Algorithmique distribuée et graphes
Mardi 8 juillet 2025, 15 heures, 3052
Chinh T. Hoang (Wilfrid Laurier University) -

Algorithmes et complexité
Mercredi 9 juillet 2025, 15 heures, Salle 3071
Haotian Jiang (University of Chicago) Quasi-Monte Carlo Integration via Algorithmic Discrepancy Theory

A classical approach to numerically integrating a function $f$ is Monte Carlo (MC) methods. Here, one evaluates $f$ at random points and the estimation error scales as $\sigma(f)/n^{1/2}$ with $n$ samples, where $\sigma(f)$ is the standard deviation of $f$. A different approach, widely used in practice, is using quasi-Monte Carlo (QMC) methods, where $f$ is evaluated at carefully chosen deterministic points and the error scales roughly as $1/n$. Both methods have distinctive advantages and shortcomings, and a key question has been to find a method that combines the advantages of both.
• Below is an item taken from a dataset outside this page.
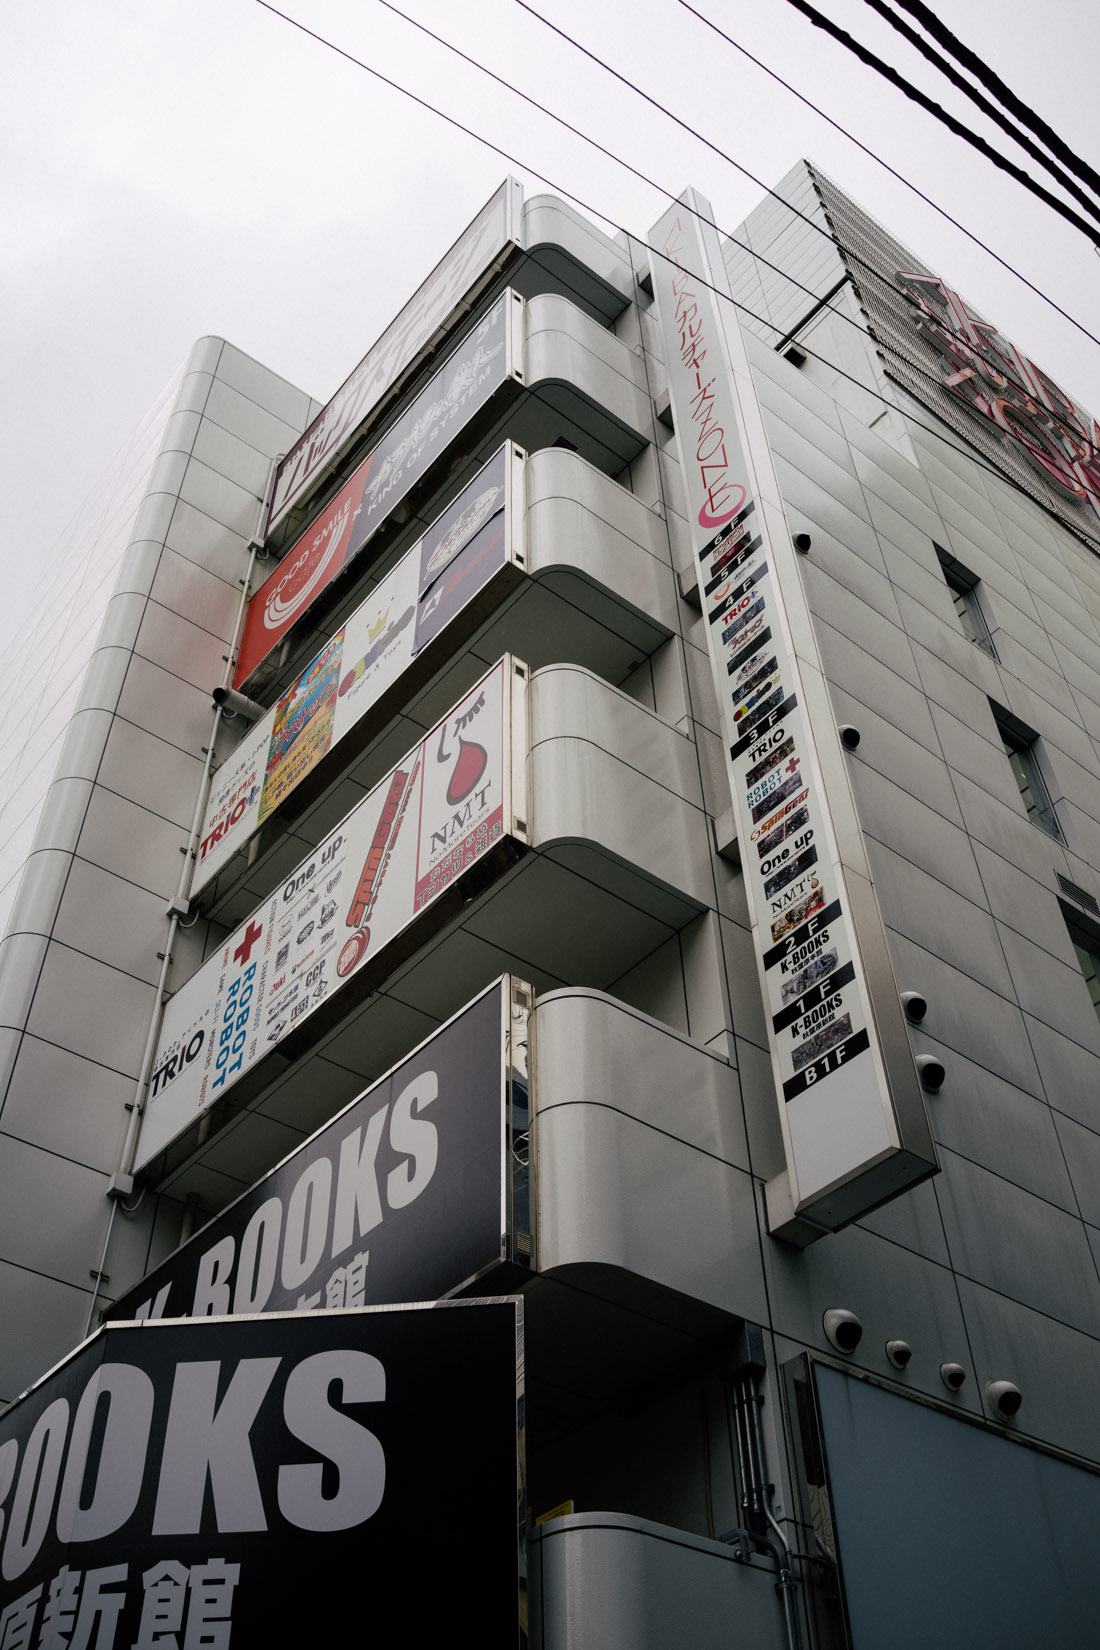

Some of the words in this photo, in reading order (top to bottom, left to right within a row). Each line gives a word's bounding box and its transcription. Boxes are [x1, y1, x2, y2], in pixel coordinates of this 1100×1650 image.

In this talk, I will introduce the fascinating area of QMC methods and their connections to various areas of mathematics and to geometric discrepancy. I will then show how recent developments in algorithmic discrepancy theory can be used to give a method that combines the benefits of MC and QMC methods, and even improves upon previous QMC approaches in various ways. The talk is based on joint work with Nikhil Bansal (University of Michigan).